* _DATA FOR THIS TASK_:
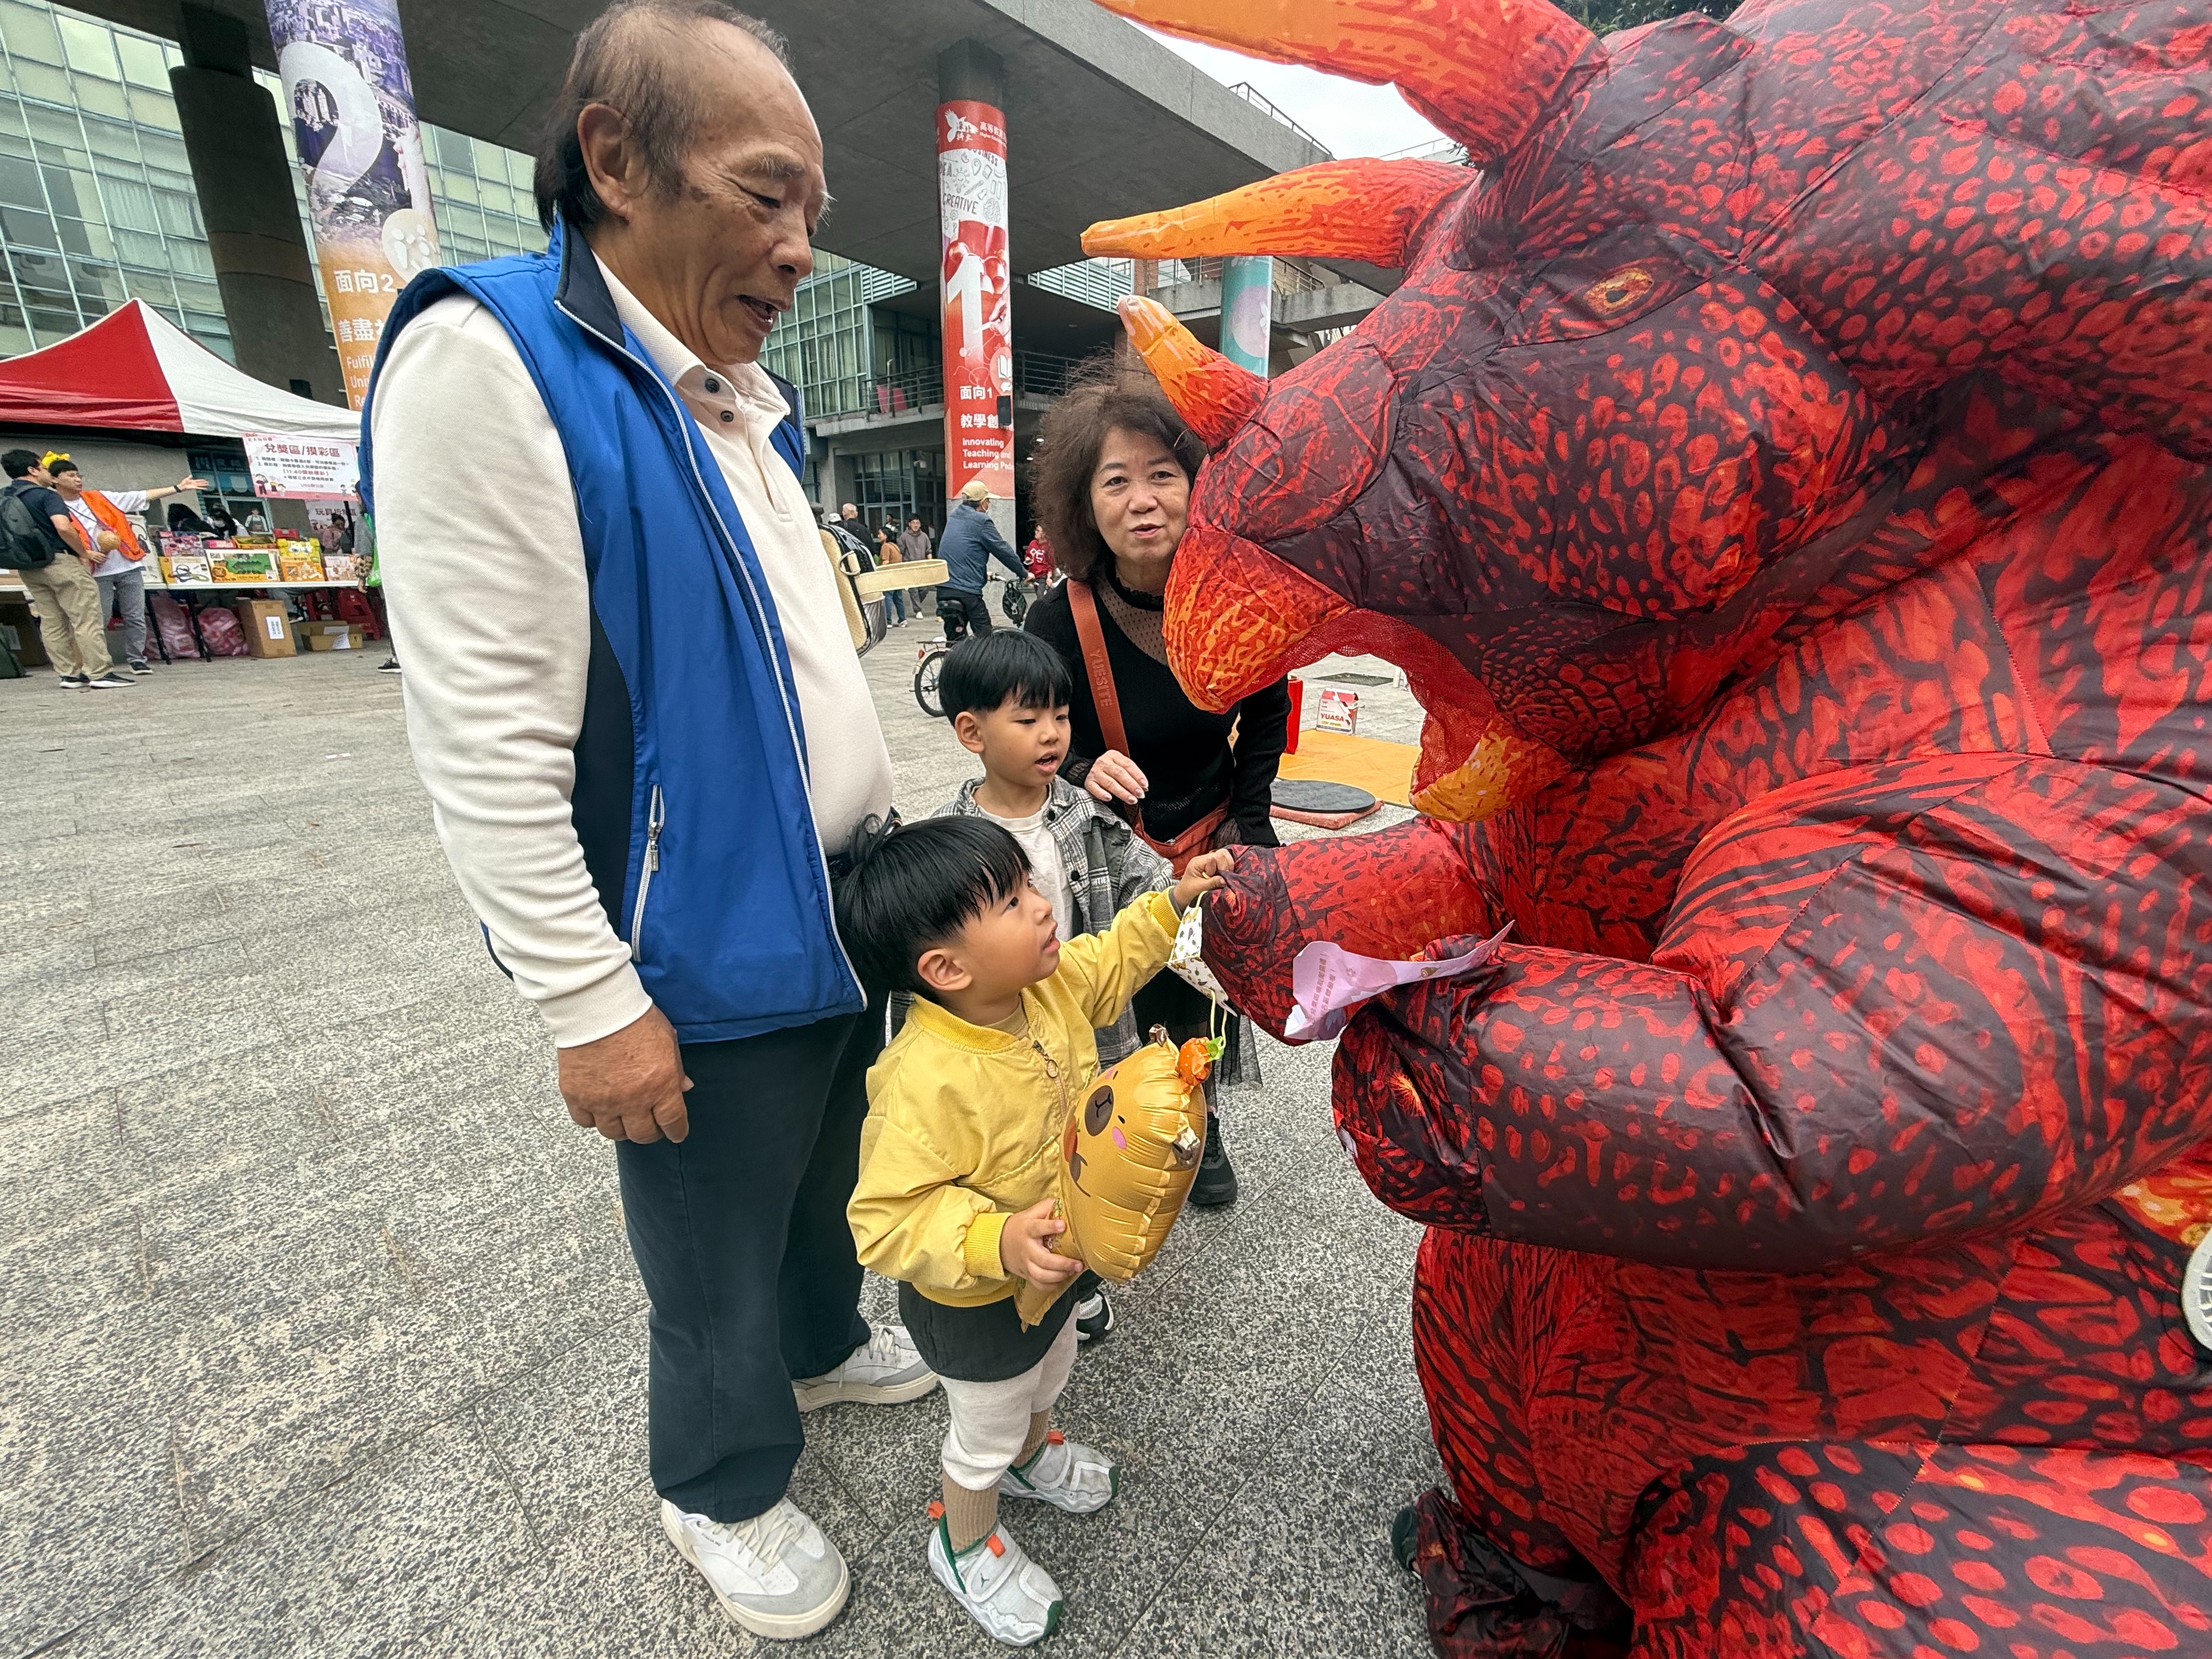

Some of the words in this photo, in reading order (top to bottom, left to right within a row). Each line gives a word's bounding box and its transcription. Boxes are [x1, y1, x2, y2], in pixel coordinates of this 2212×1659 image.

[943, 193, 979, 215] CREATIVE
[333, 269, 396, 294] 面向2
[960, 385, 992, 400] 面向1
[962, 438, 1004, 449] Innovating
[962, 449, 999, 460] Teaching
[963, 460, 998, 471] Learning
[1089, 650, 1112, 707] YUESITE
[1321, 713, 1344, 721] YUASA

* _WORK TO COMPLETE_:
When a record holds a picture, leave that picture out; copy the rest verbatim.

* _TASK OUTPUT_:
Some of the words in this photo, in reading order (top to bottom, left to right within a row). Each line gives a word's bounding box and its transcription. Boxes are [x1, y1, x2, y2], in pixel coordinates of this 2212×1659 image.

[943, 193, 979, 215] CREATIVE
[333, 269, 396, 294] 面向2
[960, 385, 992, 400] 面向1
[962, 438, 1004, 449] Innovating
[962, 449, 999, 460] Teaching
[963, 460, 998, 471] Learning
[1089, 650, 1112, 707] YUESITE
[1321, 713, 1344, 721] YUASA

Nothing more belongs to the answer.